The hotel – like Tenerife – offers the best of both worlds; family and luxury. While Iberostar Anthelia hosts hotel rooms, suites and duplexes for families looking for a fun and action-packed vacation while the contemporary, white-washed walls of the Grand Salomé, nestled inside the complex – an exclusive, adult-only hotel boasting beautiful, modern suites.
The manager greeted us in the grandiose lobby – complete with shiny marble floors, palatial pillars and fountain – and guided us through Anthelia to Grand Salome; an oasis of calm with undisturbed ocean vistas. We were lucky enough to spend two nights in a stunning penthouse suite. The door led into a comfy and spacious living room while a huge super king-sized bed filled the well-proportioned bedroom with a gleaming bathroom beyond. In a dreamy touch butlers left us a bottle of bubbly on ice with chocolate-covered strawberries to enjoy as we watched the sun sink below the horizon washing the sky with rich reds and pinks. The incredible panoramic views from our glass-fronted suite were the icing on top of the beautiful, pristine white cake.

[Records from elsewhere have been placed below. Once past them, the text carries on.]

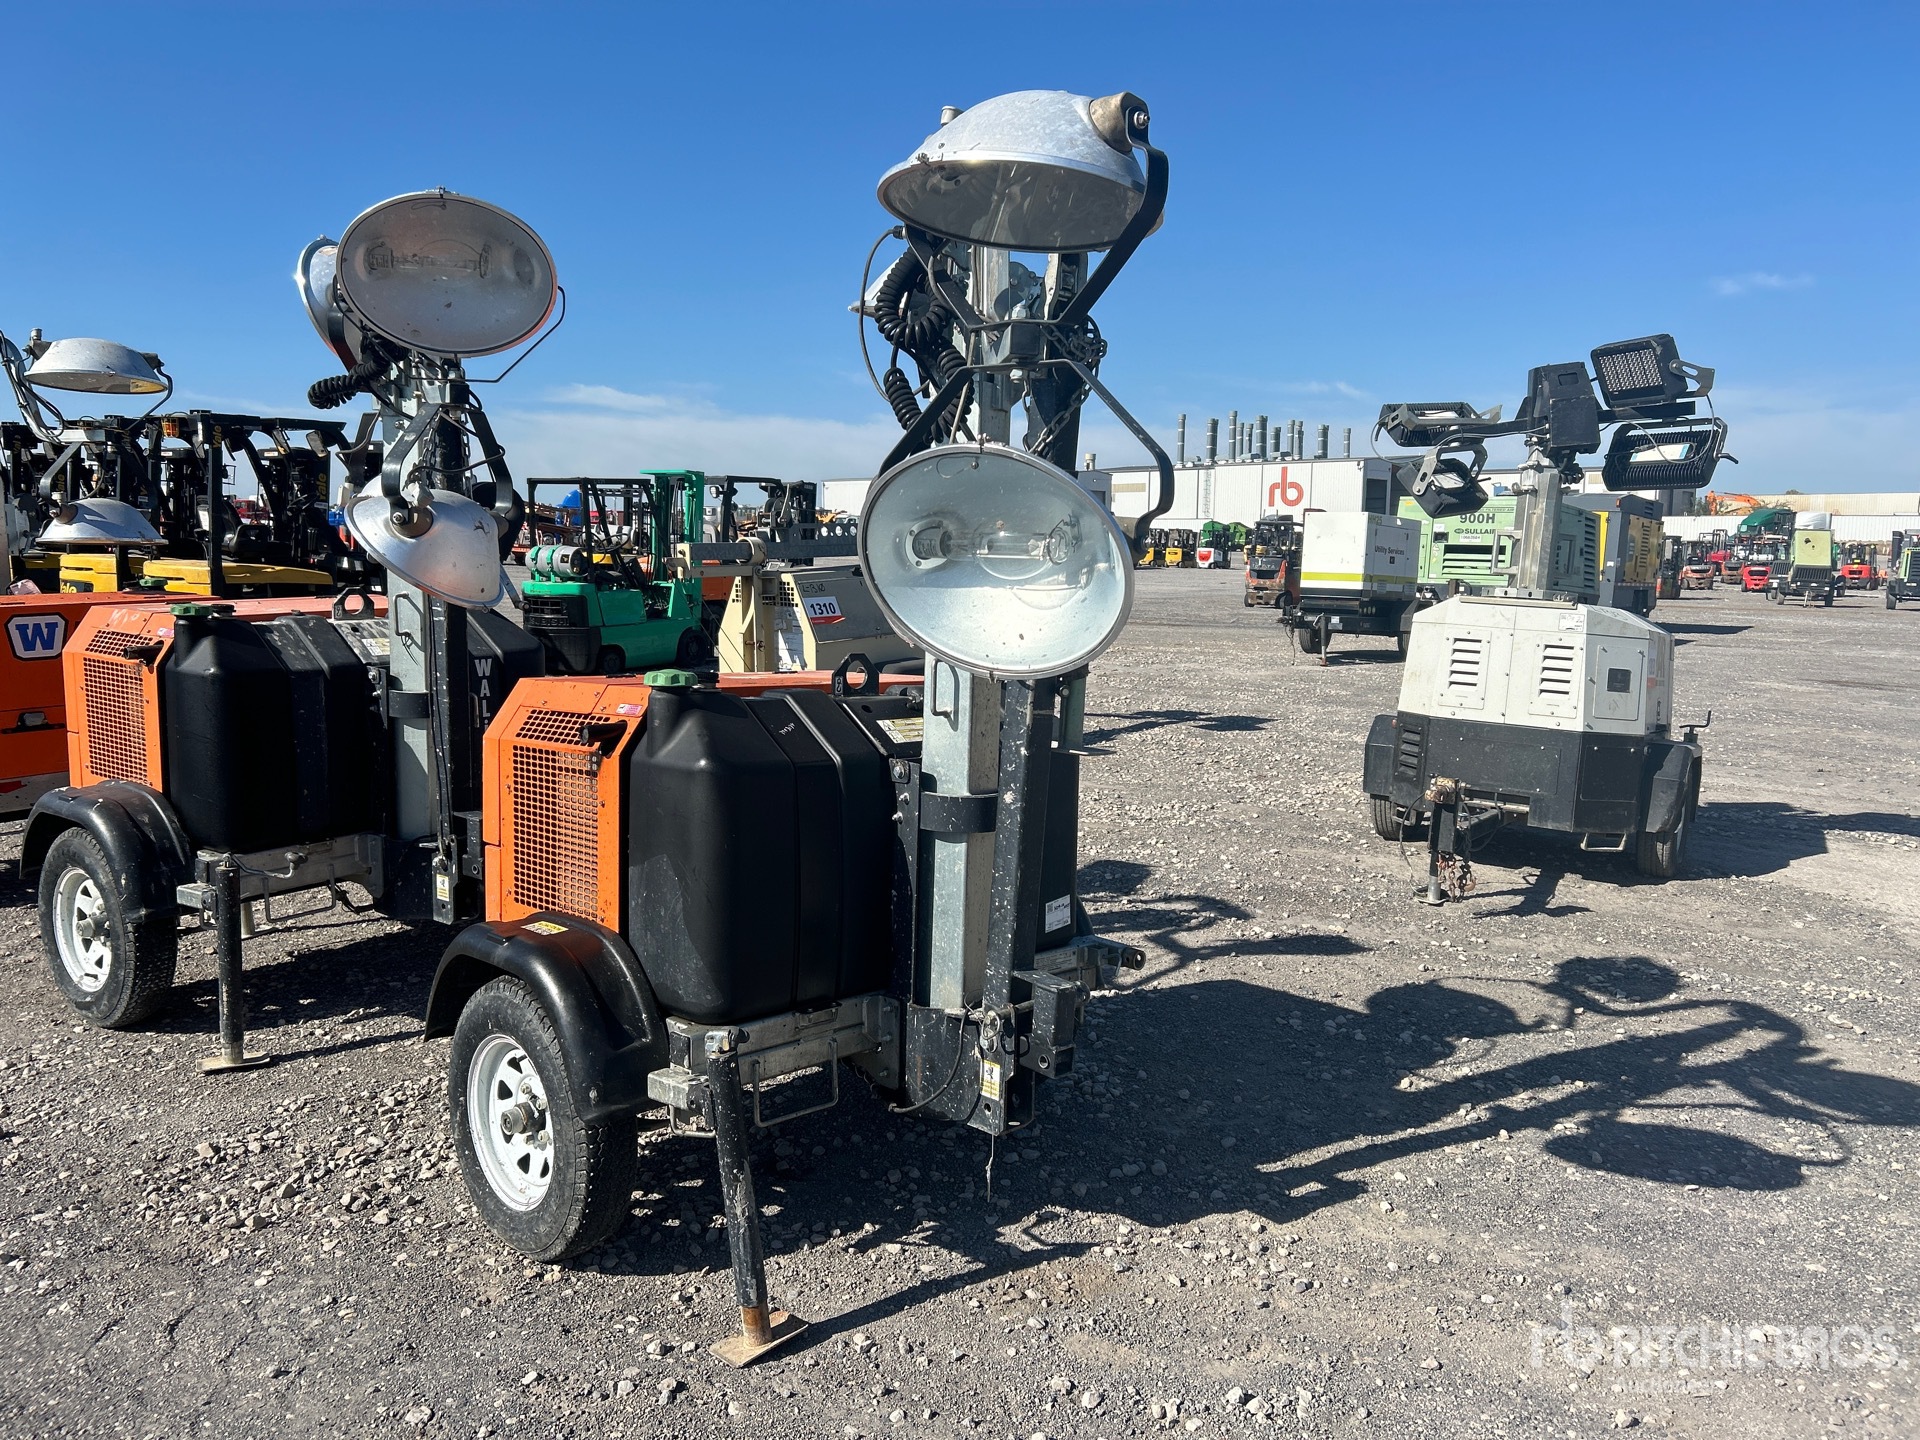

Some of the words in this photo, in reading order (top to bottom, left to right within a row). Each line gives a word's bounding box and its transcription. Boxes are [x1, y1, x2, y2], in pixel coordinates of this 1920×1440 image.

[213, 425, 222, 448] Yale
[1268, 466, 1304, 507] rb
[1459, 513, 1495, 524] 900H
[1374, 545, 1387, 556] Utility
[1387, 547, 1405, 556] Services
[810, 602, 836, 616] 1310
[15, 621, 59, 652] W

Despite our weariness we had a busy evening ahead. Following a tasty, gourmet dinner at Poseidon – one of the hotel’s six restaurants – we were off to nearby Las Americas for an evening of culture and art. I must admit, driving through the neon-lit resort brought memories I thought were safely a decade behind me screaming back. For those hoping to escape this side of Tenerife and enjoy the finer things in life, this probably isn’t the place for you. But, thankfully, we were soon stepping inside the Hard Rock Café’s auditorium and away from the masses. Carmen Mota’s ballet show gave us an insight into the traditional culture of flamenco, Spanish music and passionate dance. While I couldn’t help but feel the production could have been better (and the auditorium could have been a few degrees warmer!), the show was a real spectacle with incredibly talented dancers, powerful music and beautiful outfits. This is definitely an activity for anyone who wants to experience something culturally authentic while visiting the island.

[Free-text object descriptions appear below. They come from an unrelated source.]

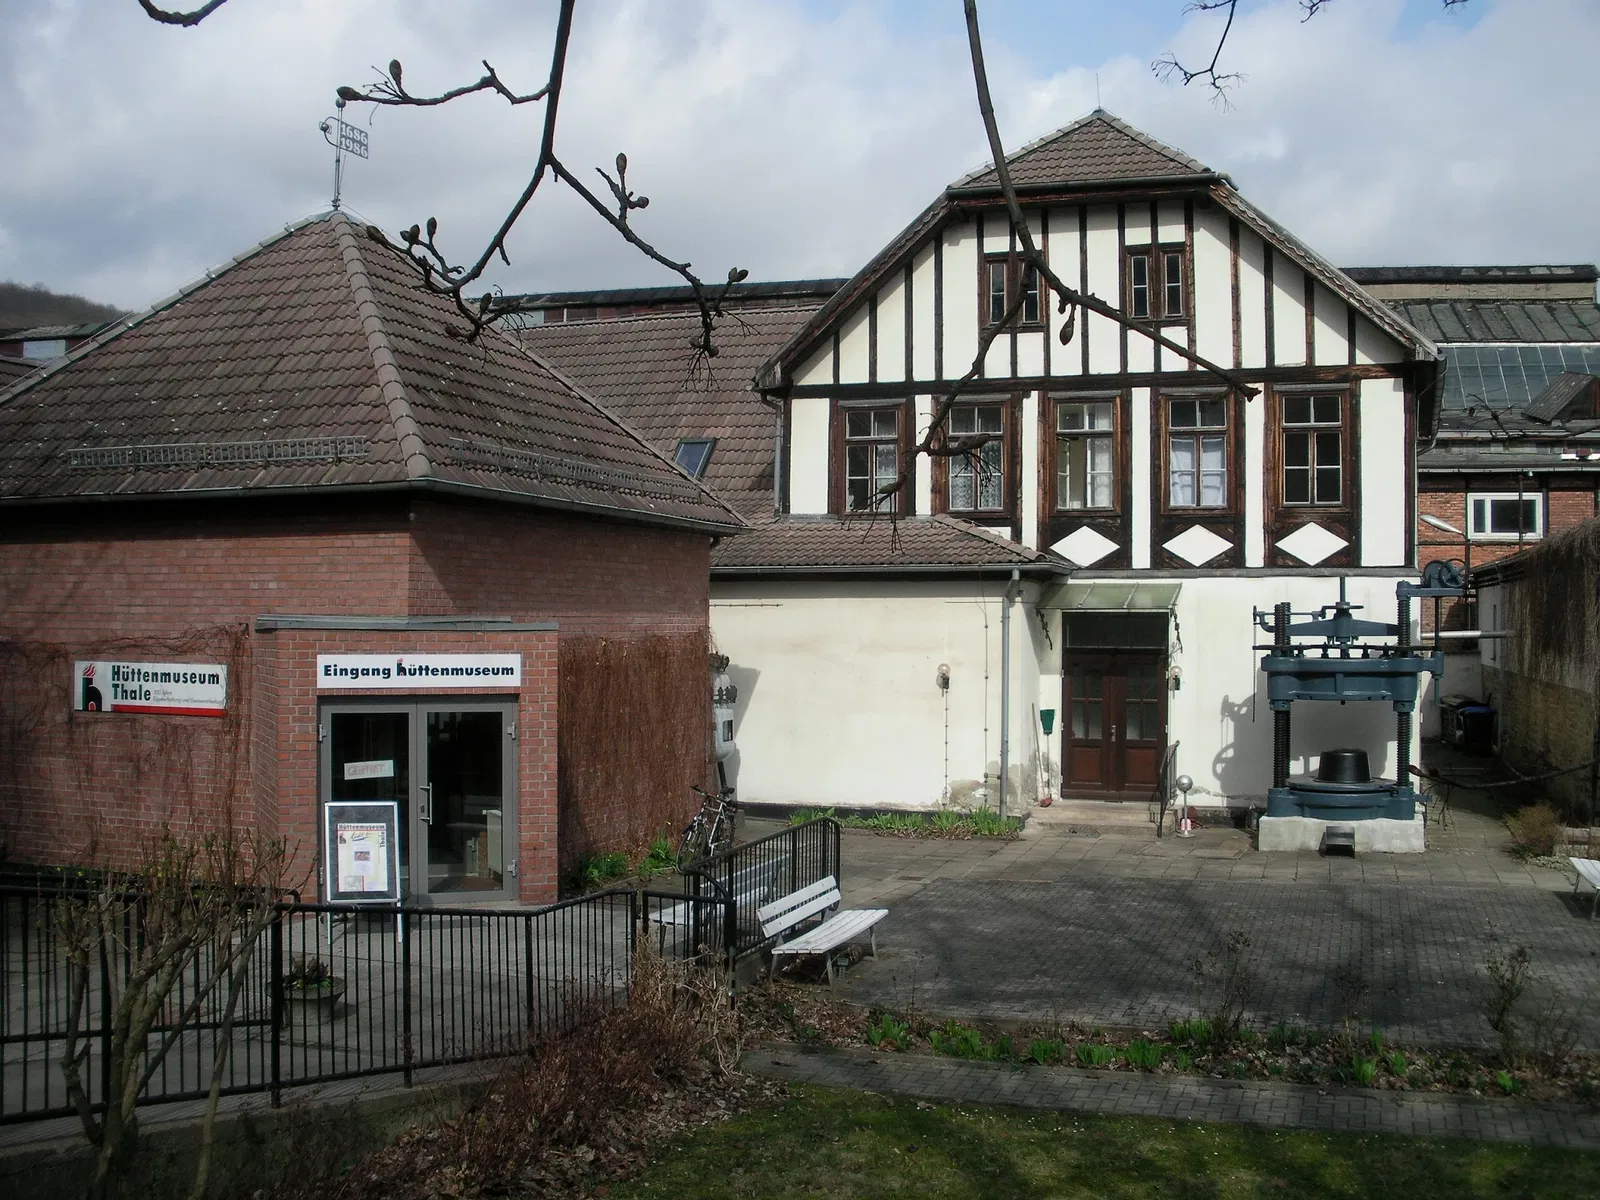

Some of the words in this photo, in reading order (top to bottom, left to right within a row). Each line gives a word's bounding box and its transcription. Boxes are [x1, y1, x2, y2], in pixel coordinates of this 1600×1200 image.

[111, 665, 220, 685] Hüttenmuseum
[323, 664, 391, 679] Eingang
[396, 662, 514, 676] hüttenmuseum
[111, 683, 151, 701] Thale
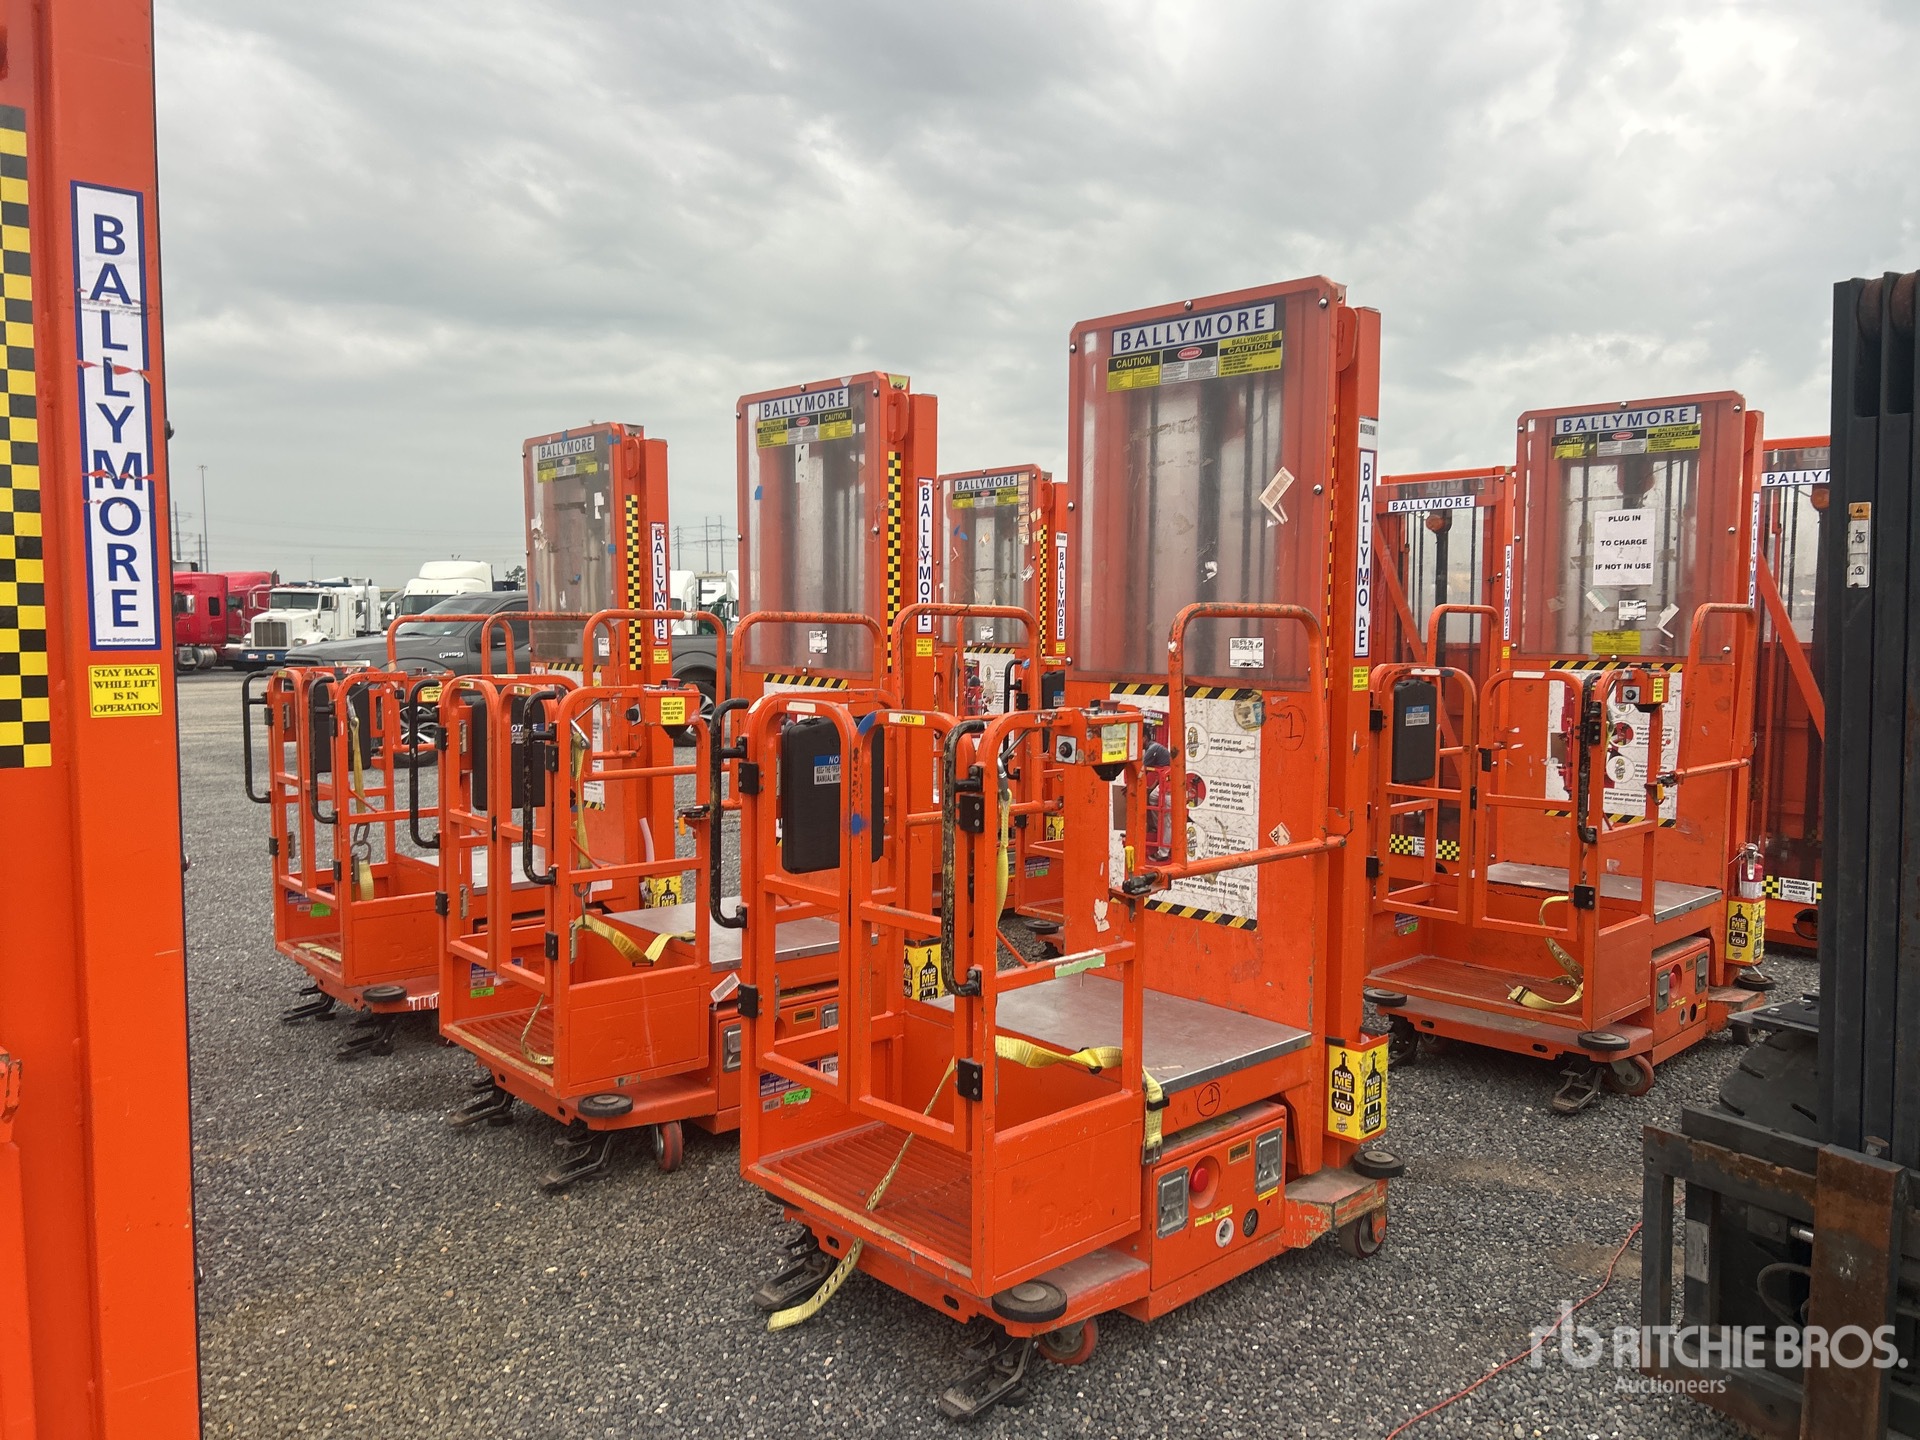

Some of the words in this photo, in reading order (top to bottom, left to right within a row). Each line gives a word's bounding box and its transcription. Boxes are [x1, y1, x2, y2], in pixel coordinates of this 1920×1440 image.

[1120, 308, 1266, 351] BALLYMORE
[1231, 334, 1269, 345] BALLYMORE
[1227, 342, 1273, 354] CAUTION
[1115, 355, 1152, 369] CAUTION
[764, 391, 844, 418] BALLYMORE
[89, 213, 144, 627] BALLYMORE
[824, 412, 847, 422] CAUTION
[1562, 408, 1689, 433] BALLYMORE
[541, 438, 592, 459] BALLYMORE
[957, 476, 1015, 491] BALLYMORE
[1391, 497, 1471, 511] BALLYMORE
[94, 668, 121, 678] STAY
[124, 668, 156, 677] BACK
[94, 680, 131, 688] WHILE
[134, 680, 157, 688] LIFT
[113, 692, 123, 700] IS
[127, 692, 139, 700] IN
[94, 703, 159, 713] OPERATION
[1731, 921, 1746, 929] ME
[1731, 937, 1746, 945] YOU
[921, 967, 936, 976] PLUG
[922, 973, 936, 984] ME
[1334, 1070, 1352, 1079] PLUG
[1334, 1076, 1352, 1089] ME
[1366, 1083, 1380, 1098] ME
[1334, 1100, 1352, 1112] YOU
[1365, 1114, 1380, 1127] YOU

After a much-needed night of slumber in our soft, snug bed, we were up early to sample the flavours of the vast, varied buffet breakfast before another day of exploration and adventure. Our guide Eva met us to whisk us off on another day packed full of culture, history and staggering natural beauty. Our first stop: Teide National Park and Teide Volcano. After a steep climb up meandering roads we made it to the cable car to continue our journey up towards the heavens. Once we peeked above the cloud line – or Sea of Clouds as it’s known locally – the views were breathtaking, as was the bitter cold wind! We surveyed the landscape and navigated the mountain, carefully and slowly (the air is very thin at almost 3,700m) picking a path down to the Pico Viejo vantage point.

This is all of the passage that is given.